• WHAT IS BEING ASKED
Starting at the first line below, copy through to the last line exactly.

━━ MATERIALS PROVIDED ━━

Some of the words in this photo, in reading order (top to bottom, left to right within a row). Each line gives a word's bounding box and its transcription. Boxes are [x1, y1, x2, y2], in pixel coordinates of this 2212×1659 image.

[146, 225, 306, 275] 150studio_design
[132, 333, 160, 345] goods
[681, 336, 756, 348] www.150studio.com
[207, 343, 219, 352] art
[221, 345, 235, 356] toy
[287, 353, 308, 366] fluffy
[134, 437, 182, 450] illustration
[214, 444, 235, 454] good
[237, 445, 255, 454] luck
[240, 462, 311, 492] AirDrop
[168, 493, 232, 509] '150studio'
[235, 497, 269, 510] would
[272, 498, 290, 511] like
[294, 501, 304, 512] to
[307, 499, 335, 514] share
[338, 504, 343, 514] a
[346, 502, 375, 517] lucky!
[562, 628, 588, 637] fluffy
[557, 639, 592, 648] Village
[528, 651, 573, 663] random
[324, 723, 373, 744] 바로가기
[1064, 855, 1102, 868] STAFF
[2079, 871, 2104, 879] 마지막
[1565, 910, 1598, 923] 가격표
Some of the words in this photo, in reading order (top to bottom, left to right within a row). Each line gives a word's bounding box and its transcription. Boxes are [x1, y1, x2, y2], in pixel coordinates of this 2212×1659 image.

━━━

• RESPONSE AREA
Some of the words in this photo, in reading order (top to bottom, left to right within a row). Each line gives a word's bounding box and its transcription. Boxes are [x1, y1, x2, y2], in pixel coordinates of this 2212×1659 image.

[146, 225, 306, 275] 150studio_design
[132, 333, 160, 345] goods
[681, 336, 756, 348] www.150studio.com
[207, 343, 219, 352] art
[221, 345, 235, 356] toy
[287, 353, 308, 366] fluffy
[134, 437, 182, 450] illustration
[214, 444, 235, 454] good
[237, 445, 255, 454] luck
[240, 462, 311, 492] AirDrop
[168, 493, 232, 509] '150studio'
[235, 497, 269, 510] would
[272, 498, 290, 511] like
[294, 501, 304, 512] to
[307, 499, 335, 514] share
[338, 504, 343, 514] a
[346, 502, 375, 517] lucky!
[562, 628, 588, 637] fluffy
[557, 639, 592, 648] Village
[528, 651, 573, 663] random
[324, 723, 373, 744] 바로가기
[1064, 855, 1102, 868] STAFF
[2079, 871, 2104, 879] 마지막
[1565, 910, 1598, 923] 가격표
Some of the words in this photo, in reading order (top to bottom, left to right within a row). Each line gives a word's bounding box and its transcription. Boxes are [x1, y1, x2, y2], in pixel coordinates of this 2212×1659 image.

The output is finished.